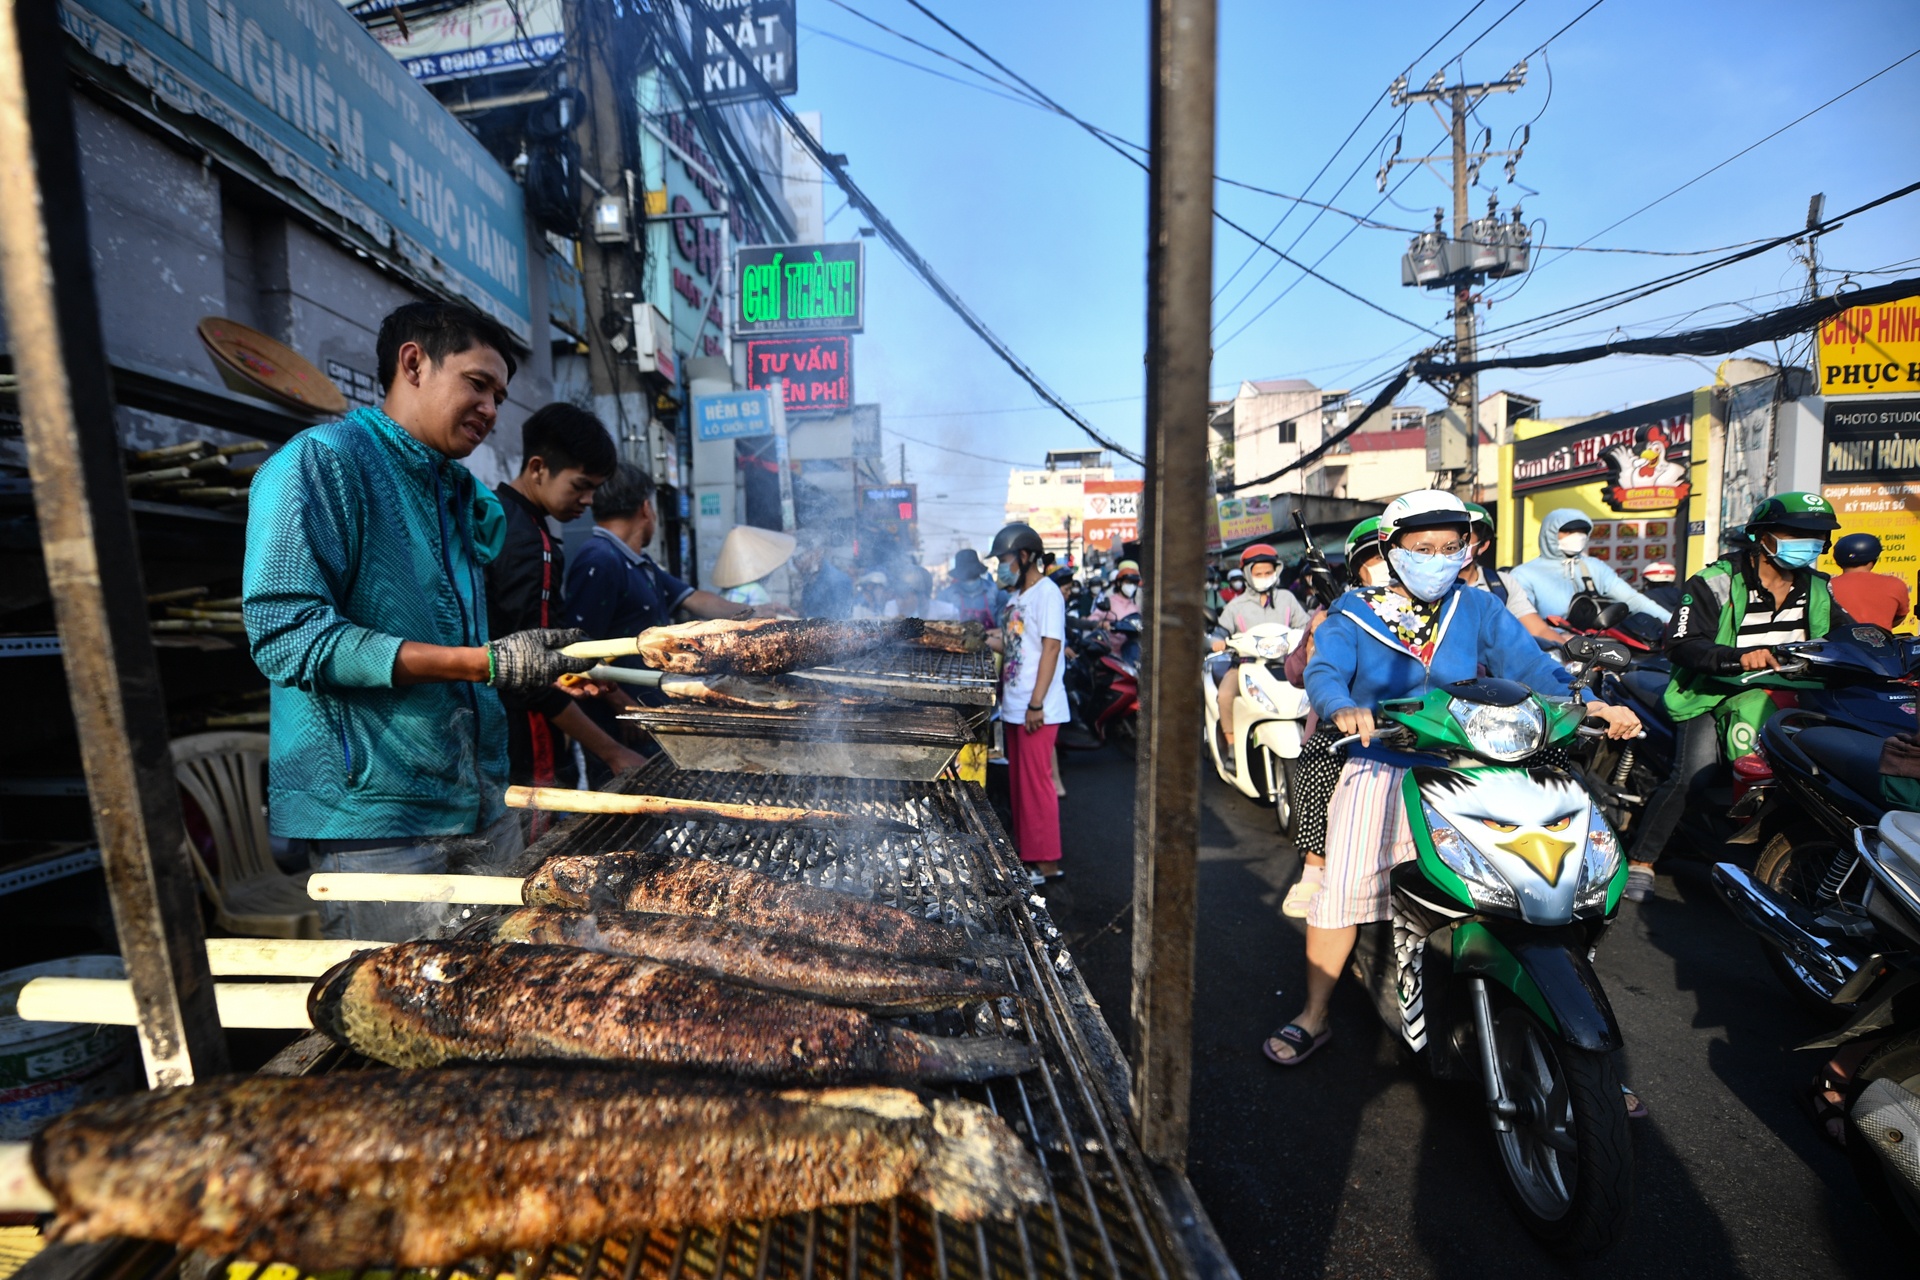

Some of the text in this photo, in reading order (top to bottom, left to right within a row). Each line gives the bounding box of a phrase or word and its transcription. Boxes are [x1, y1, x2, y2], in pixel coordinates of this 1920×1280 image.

[389, 140, 461, 251] THỰC
[463, 203, 521, 298] HÀNH
[743, 252, 783, 323] CHÍ
[784, 251, 856, 320] THÀNH
[758, 345, 838, 374] TƯ VẤN
[1826, 362, 1900, 389] PHỤC
[741, 401, 760, 417] 93
[1834, 412, 1878, 425] PHOTO
[1827, 440, 1875, 472] MINH
[1824, 487, 1849, 500] CHỤP
[1877, 485, 1901, 496] QUAY
[1860, 500, 1891, 513] THUẬT
[1892, 497, 1907, 511] SỐ
[1690, 522, 1704, 532] 92
[1884, 555, 1917, 564] TRANG
[1672, 605, 1690, 639] gojek
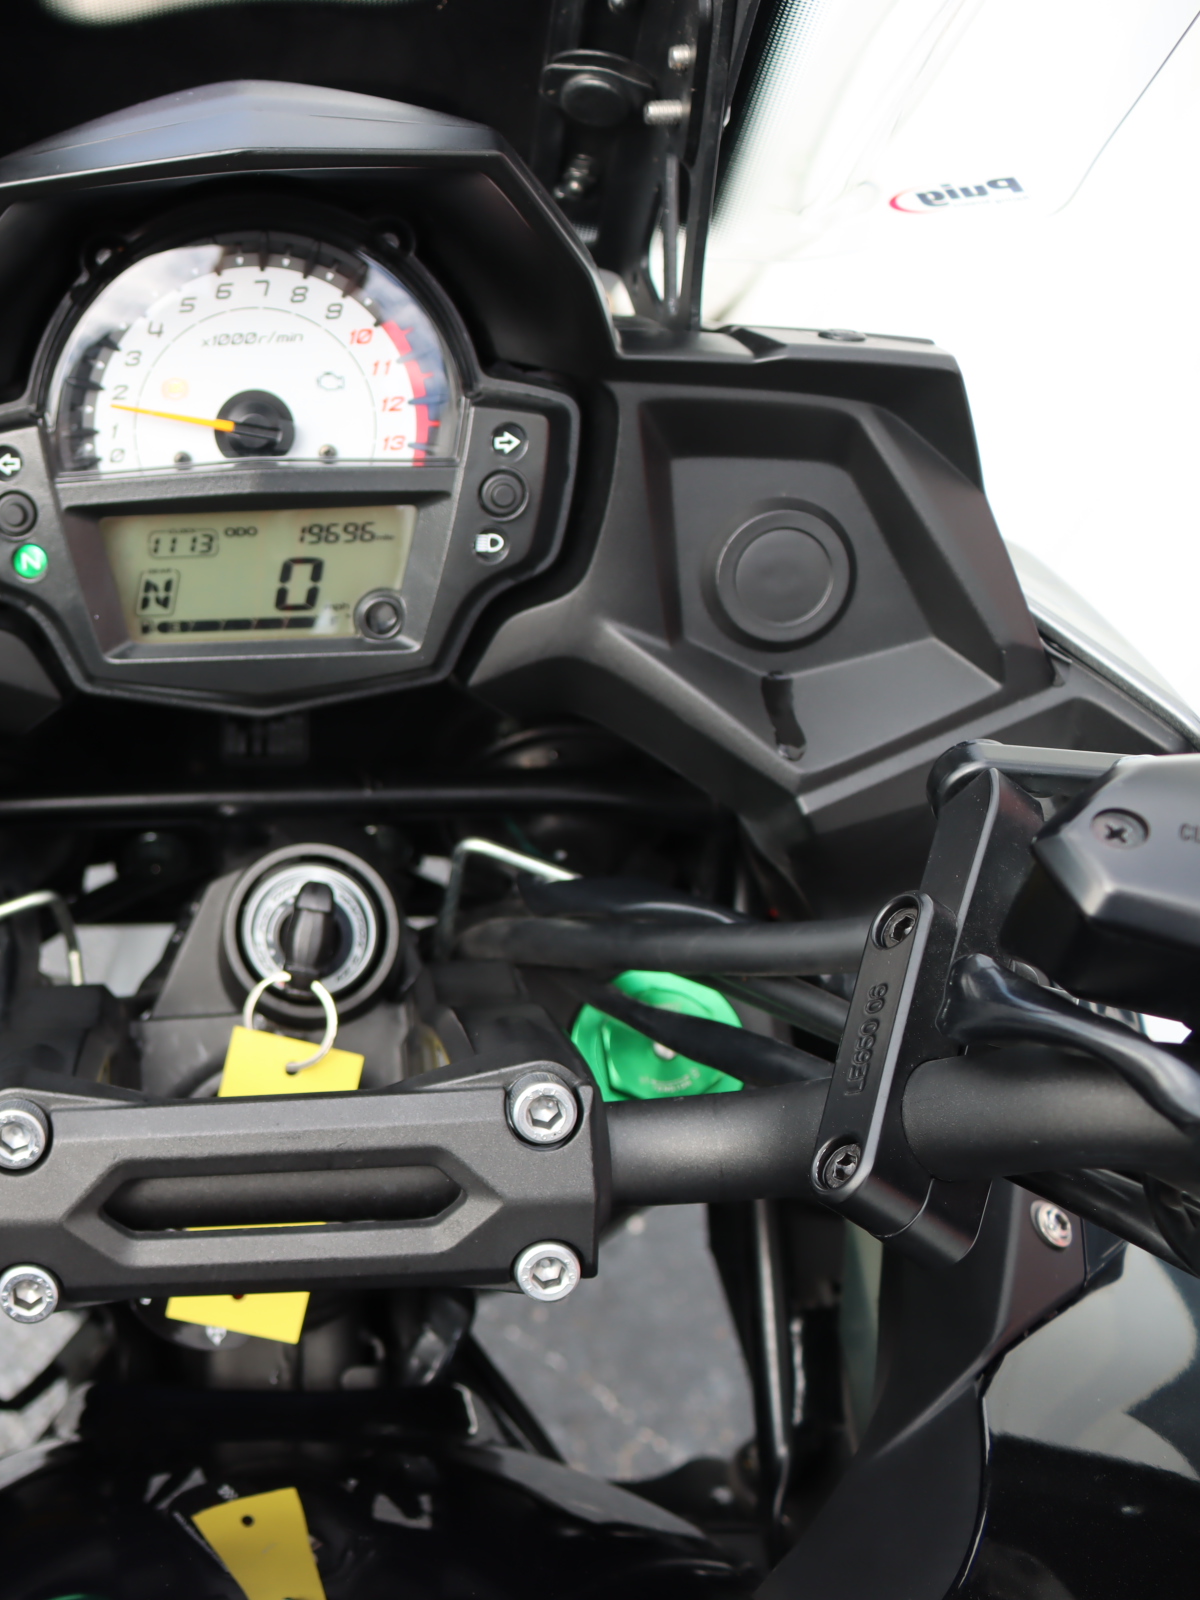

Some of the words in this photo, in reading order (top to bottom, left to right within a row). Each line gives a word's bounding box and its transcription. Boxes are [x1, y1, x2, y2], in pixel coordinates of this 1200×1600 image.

[215, 283, 235, 299] 6
[254, 280, 271, 297] 7
[290, 286, 309, 304] 8
[179, 297, 197, 314] 5
[325, 303, 345, 320] 9
[147, 321, 164, 338] 4
[349, 328, 374, 345] 10
[124, 351, 142, 366] 3
[371, 360, 393, 376] 11
[112, 385, 130, 400] 2
[381, 396, 406, 413] 12
[381, 435, 406, 451] 13
[300, 521, 377, 544] 19696
[20, 551, 43, 571] N
[275, 557, 324, 611] 0
[141, 578, 173, 611] N
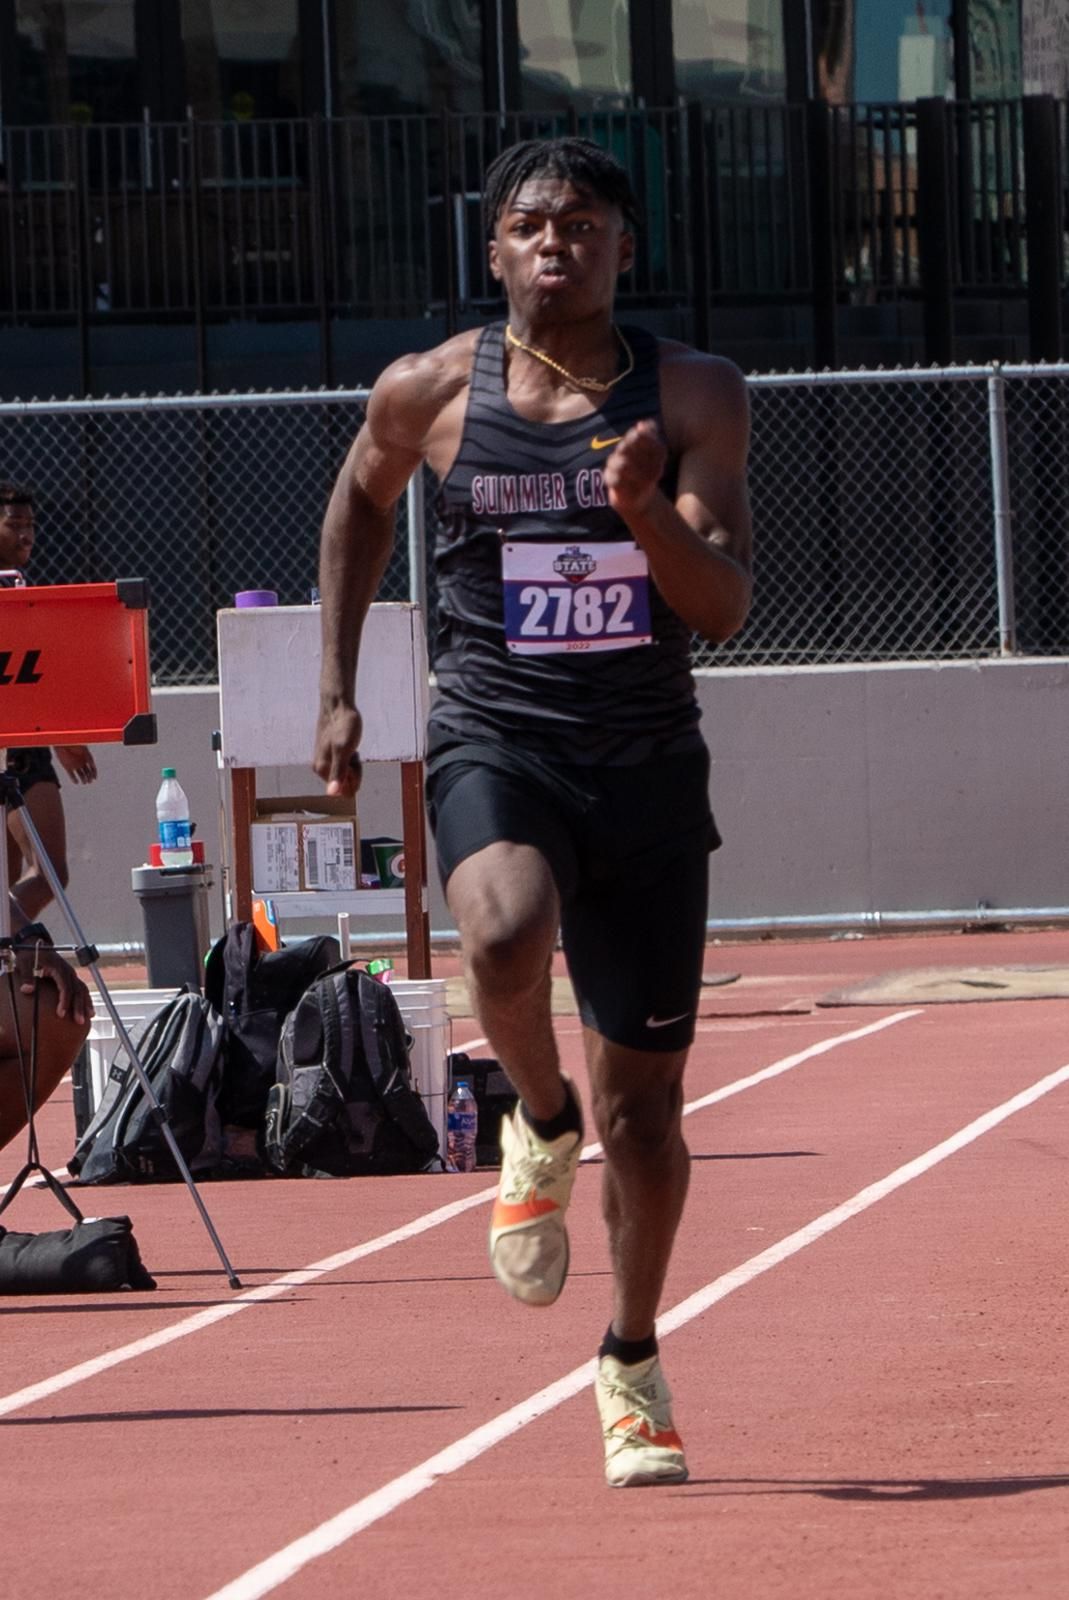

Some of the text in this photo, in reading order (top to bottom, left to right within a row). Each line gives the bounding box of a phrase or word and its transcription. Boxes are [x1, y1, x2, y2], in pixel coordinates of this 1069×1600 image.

[472, 468, 608, 515] SUMMER CR
[552, 560, 597, 572] STATE
[519, 583, 634, 636] 2782
[565, 641, 592, 651] 2022
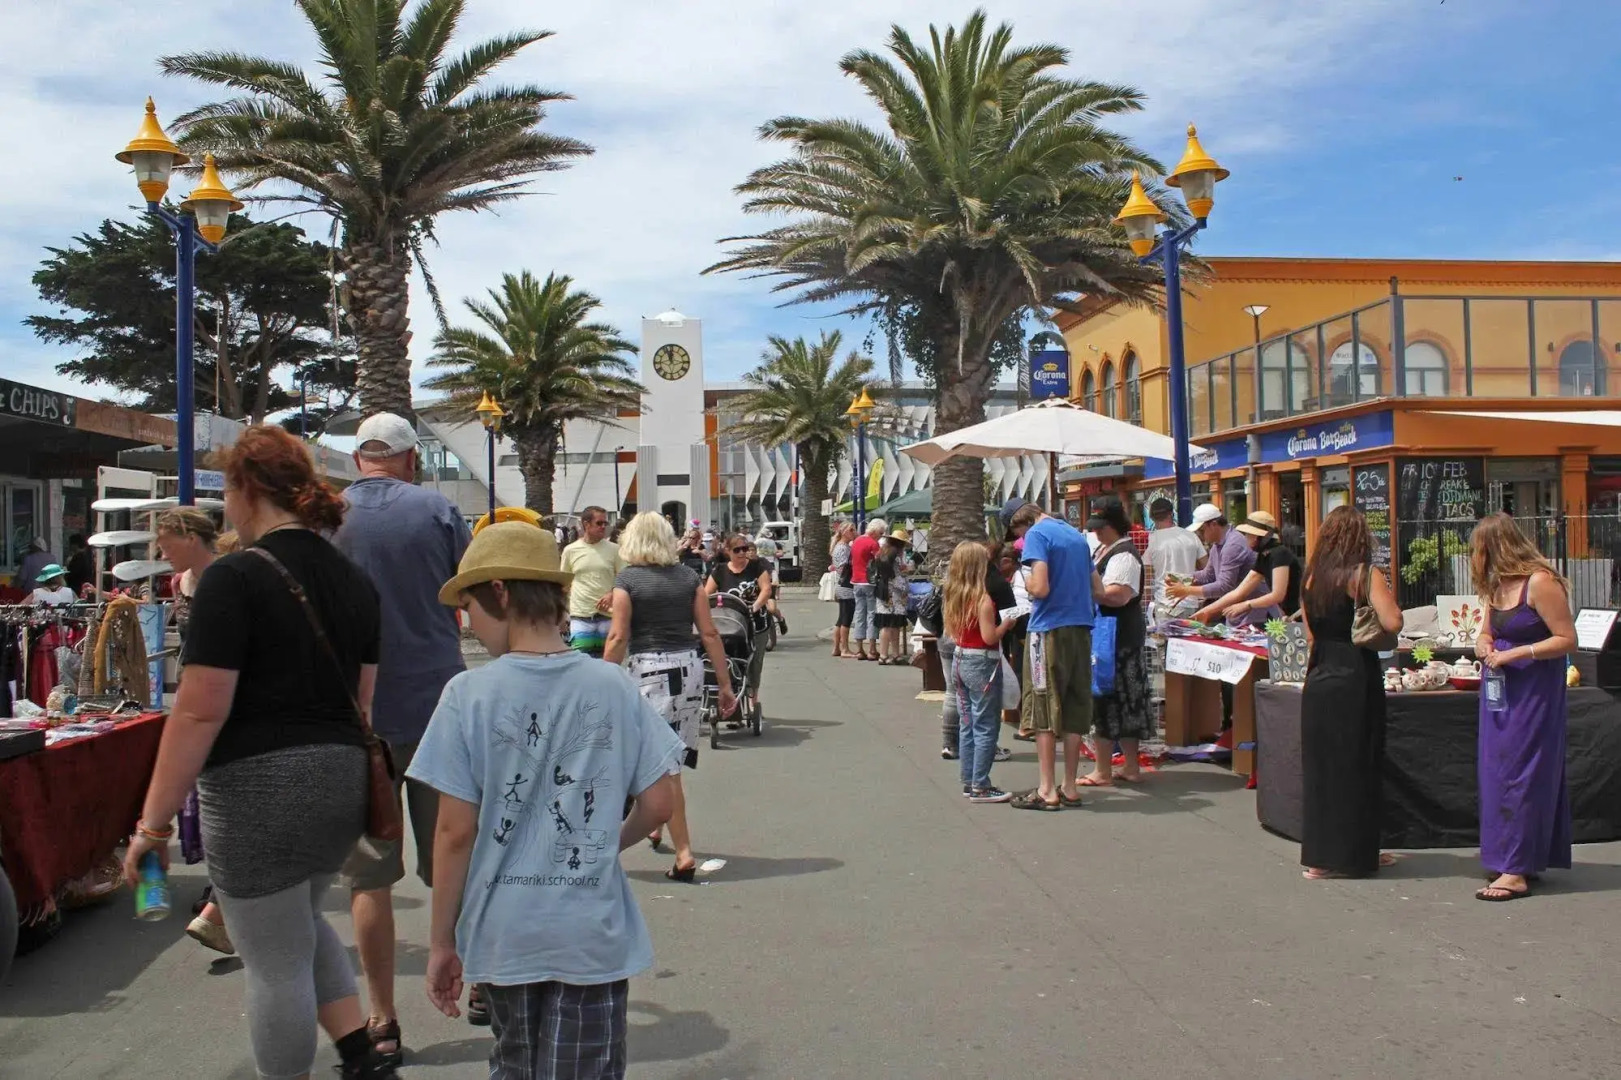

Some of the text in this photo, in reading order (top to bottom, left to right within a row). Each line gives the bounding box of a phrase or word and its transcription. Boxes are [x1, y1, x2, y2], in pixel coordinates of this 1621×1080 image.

* Work order
Ignore the images and quote every line of the listing exactly.

* Task output
Some of the text in this photo, in reading order (top to bottom, left to right within a row). Each line gives the bounding box of a phrase or word and its transcription. Boxes are [x1, y1, x2, y2], in pixel coordinates of this 1920×1280 image.

[389, 140, 461, 251] THỰC
[463, 203, 521, 298] HÀNH
[743, 252, 783, 323] CHÍ
[784, 251, 856, 320] THÀNH
[758, 345, 838, 374] TƯ VẤN
[1826, 362, 1900, 389] PHỤC
[741, 401, 760, 417] 93
[1834, 412, 1878, 425] PHOTO
[1827, 440, 1875, 472] MINH
[1824, 487, 1849, 500] CHỤP
[1877, 485, 1901, 496] QUAY
[1860, 500, 1891, 513] THUẬT
[1892, 497, 1907, 511] SỐ
[1690, 522, 1704, 532] 92
[1884, 555, 1917, 564] TRANG
[1672, 605, 1690, 639] gojek

Some of the words in this photo, in reading order (top to bottom, left to right within a row). Each line gives a word's bounding box and its transcription. Boxes are [x1, y1, x2, y2], in pixel coordinates of this 1200×1600 image.

[215, 283, 235, 299] 6
[254, 280, 271, 297] 7
[290, 286, 309, 304] 8
[179, 297, 197, 314] 5
[325, 303, 345, 320] 9
[147, 321, 164, 338] 4
[349, 328, 374, 345] 10
[124, 351, 142, 366] 3
[371, 360, 393, 376] 11
[112, 385, 130, 400] 2
[381, 396, 406, 413] 12
[381, 435, 406, 451] 13
[300, 521, 377, 544] 19696
[20, 551, 43, 571] N
[275, 557, 324, 611] 0
[141, 578, 173, 611] N

Some of the text in this photo, in reading order (top to bottom, left to right within a row). Each line gives the bounding box of a phrase or word and its transcription. Boxes are [x1, y1, x2, y2], in pixel coordinates of this 1069×1600 image.

[472, 468, 608, 515] SUMMER CR
[552, 560, 597, 572] STATE
[519, 583, 634, 636] 2782
[565, 641, 592, 651] 2022

Some of the text in this photo, in reading order (top to bottom, left to right within a row). Each line gives the bounding box of a phrase or word and its transcription. Boxes are [x1, y1, x2, y2], in pixel coordinates of this 1621×1080 image.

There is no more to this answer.